To drive this home let’s look at data from FY21 to FY24, India’s listed corporate earnings experienced a powerful rebound. Nifty indices registered rapid EPS expansion off a COVID era low base and amid robust government capital expenditure (capex). By FY25, the earnings cycle clearly moderated, with single digit growth at the index level and a tempering of public capex. So now fast forward to today now that investors have no reason to pay extra attention to aggregates the focus has shifted back pretty decisively in favour of structural businesses with repeatable growth characteristics. These facts re centre attention on business quality and earnings durability over cyclical tailwinds.
Source: Bloomberg
NIFTY 500: A Historic Earnings Surge Driven by Recovery and Capex
Over the past 17 years, NIFTY 500 earnings have rarely seen the kind of growth witnessed between FY21 and FY24. Historically, annual EPS growth averaged ~4% from 2009 to 2019, with several years of negative or low single-digit growth. In contrast, the post-COVID period delivered extraordinary numbers:
| Years | FY 2021 – FY 2024 | FY 2024 – FY 2025 |
| EPS CAGR | 24.3% | 6.5% |
(Source: Bloomberg)
The unusually high earnings CAGR from 2021-24 running at 24% CAGR was fuelled by post-COVID recovery, government capex, and structural tailwinds. With these factors now normalized, growth has reverted to single digits, aligning with long-term trends.
This surge was not structural but cyclical. Two key factors explain it:
1. Demand Recovery: The pandemic-induced contraction created a low base. As restrictions eased, consumption and industrial activity rebounded sharply, lifting corporate earnings across sectors.
2. Elevated Government Capex: From FY21 onward, central government capital expenditure grew at a pace well above historical norms, fuelling infrastructure, construction, and allied industries. This amplified earnings for businesses that were not traditionally high-growth.
By FY25, growth normalized to 6%, marking the end of this exceptional phase. The data underscores how rare such a multi-year earnings spike has been for NIFTY 500 and how it was largely driven by temporary tailwinds rather than structural shifts.
Muted Performance of High-Quality Stocks (2021–24)
While cyclical and capex-linked sectors soared, high-quality compounders-consumer staples, IT, and select financials-posted muted EPS growth during this period. Their defensive nature and premium valuations kept returns subdued compared to the broader market rally.
FY25: Growth Normalizes
- EPS Growth Slows: NIFTY 500 EPS growth dropped to single digits, compared to the mid-20s seen earlier.
- Capex Momentum Moderates: Government capex growth slowed, with FY25 revised estimates lower than budgeted figures. Fiscal constraints and election-related spending curbs contributed to this moderation.

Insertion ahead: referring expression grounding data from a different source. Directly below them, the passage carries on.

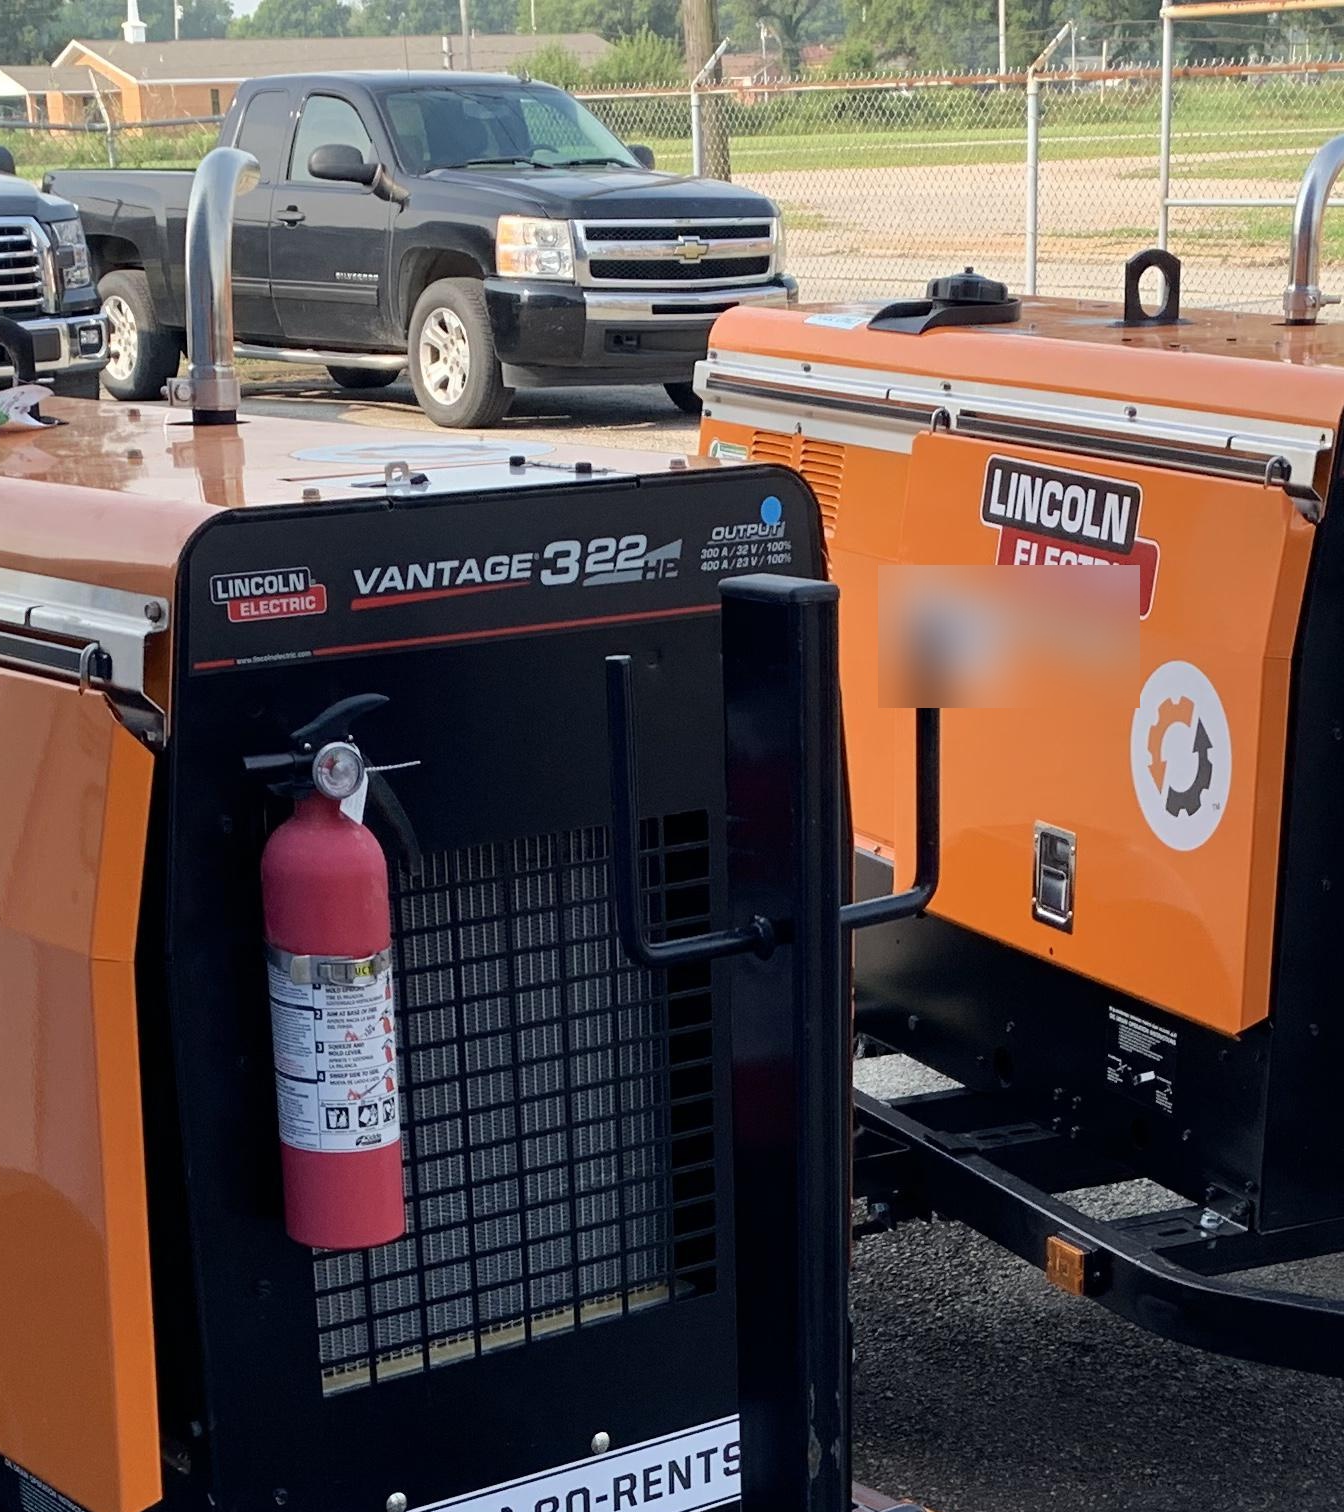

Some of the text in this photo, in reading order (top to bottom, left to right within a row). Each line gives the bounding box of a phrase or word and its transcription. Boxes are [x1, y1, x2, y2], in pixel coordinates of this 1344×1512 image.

[989, 468, 1132, 545] LINCOLN
[711, 521, 781, 542] OUTPUT
[700, 547, 720, 560] 300
[720, 546, 730, 557] A
[736, 544, 749, 556] 32
[749, 543, 759, 555] V
[766, 540, 792, 552] 100%
[352, 552, 534, 595] VANTAGE
[540, 534, 648, 587] 322
[700, 560, 720, 572] 400
[720, 559, 730, 570] A
[736, 557, 750, 569] 23
[749, 556, 758, 568] V
[216, 572, 305, 600] LINCOLN
[239, 595, 317, 618] ELECTRIC
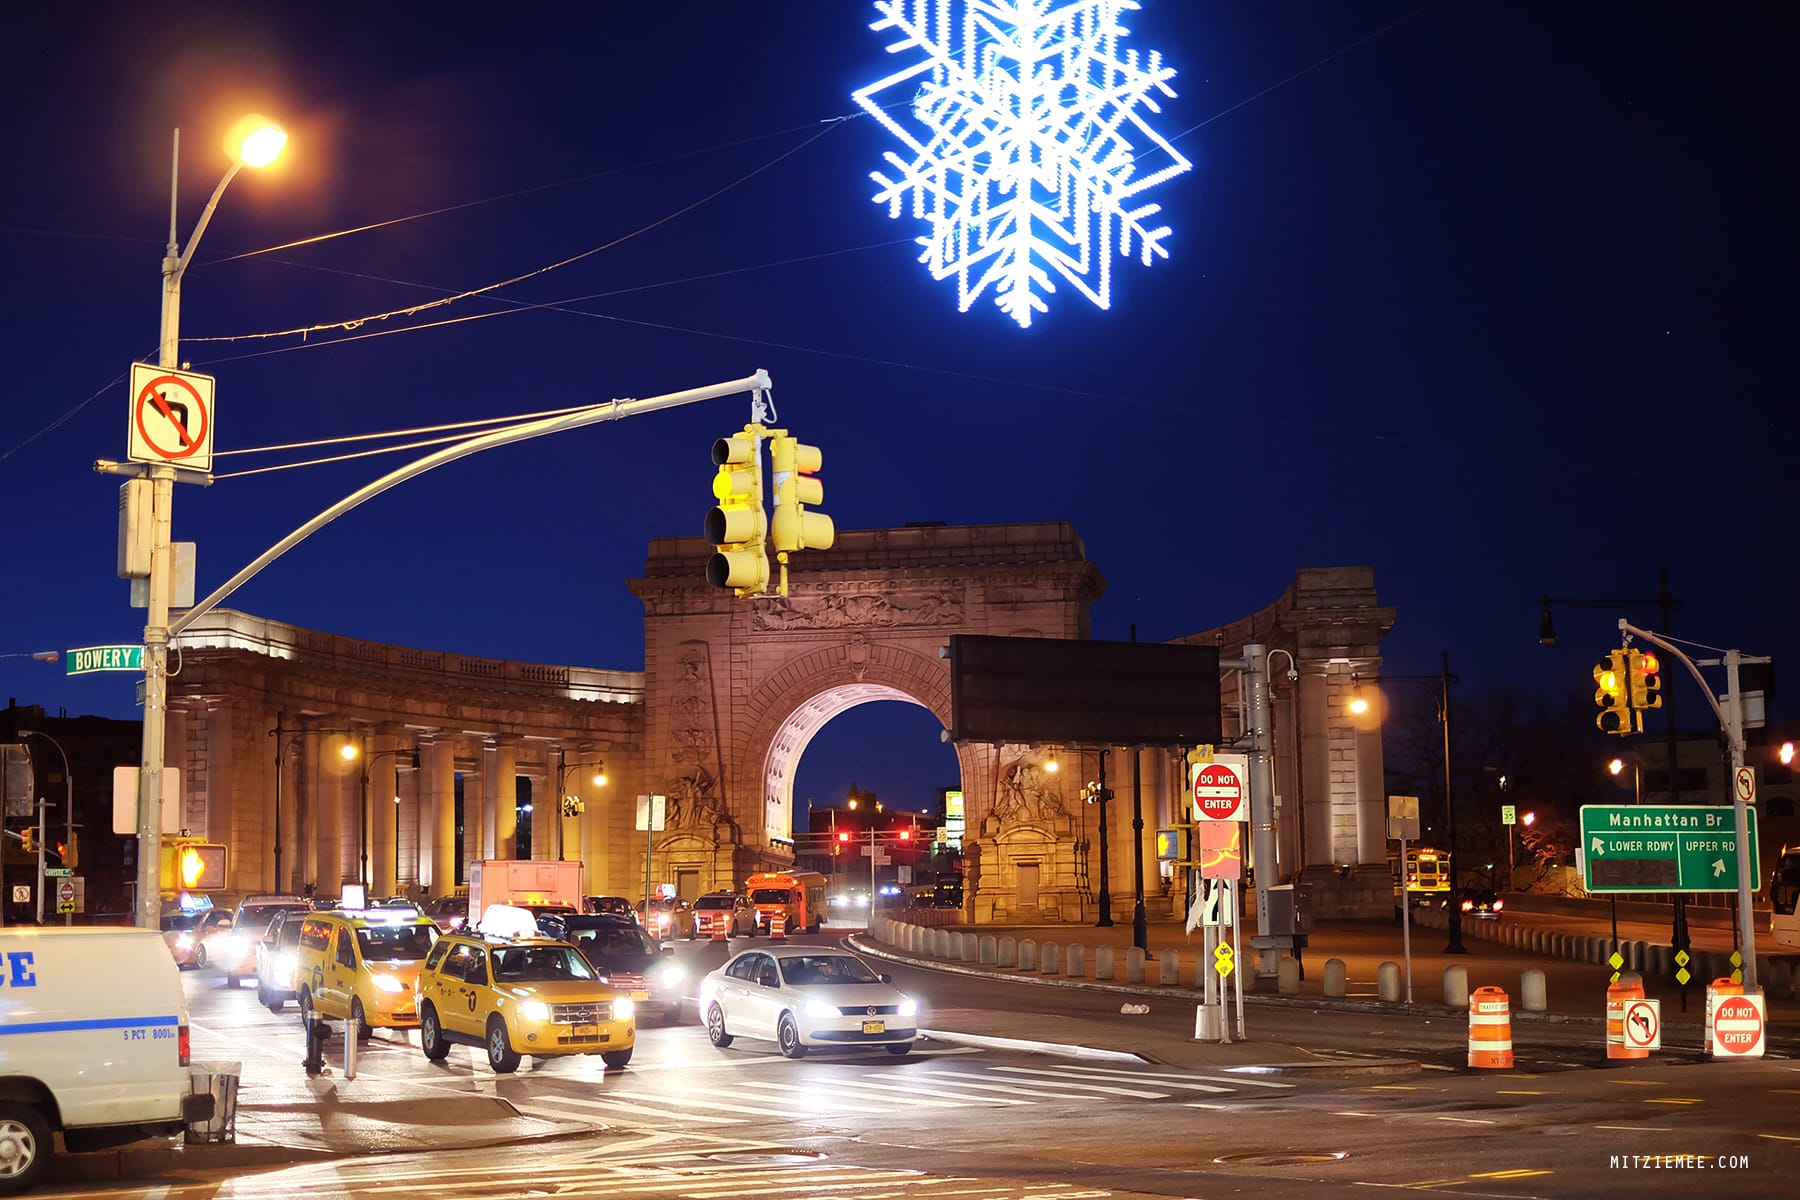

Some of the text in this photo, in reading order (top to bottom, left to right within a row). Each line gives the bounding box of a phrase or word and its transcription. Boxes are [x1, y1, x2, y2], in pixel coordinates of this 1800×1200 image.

[76, 649, 132, 670] BOWERY
[1201, 775, 1235, 784] DO NOT
[1204, 800, 1232, 809] ENTER
[1609, 813, 1723, 827] Manhattan Br
[1609, 841, 1674, 851] LOWER RDWY
[1686, 841, 1735, 851] UPPER RD
[0, 952, 36, 988] E
[1721, 1007, 1753, 1017] DO NOT
[132, 1029, 145, 1040] PCT
[1724, 1033, 1752, 1043] ENTER

- Private Investment Still Tepid: Despite structural positives, private sector capex remains subdued, adding to the slowdown.
Key Takeaway
The period of indiscriminate earnings growth driven by external tailwinds appears to have passed. Recent trends highlight the importance of focusing on businesses with robust fundamentals and consistent performance, rather than relying on cyclical factors.
Why This Is the Time for Quality
With government-led stimulus fading and earnings growth normalizing it is time to look at more stable high-quality and high-growth businesses with features such as:
- Sustainable competitive advantages
- Strong balance sheets
- Consistent ROCE and cash flows
The era of indiscriminate rallies is over. Investors should pivot toward portfolios built on quality and durability, not cyclical tailwinds.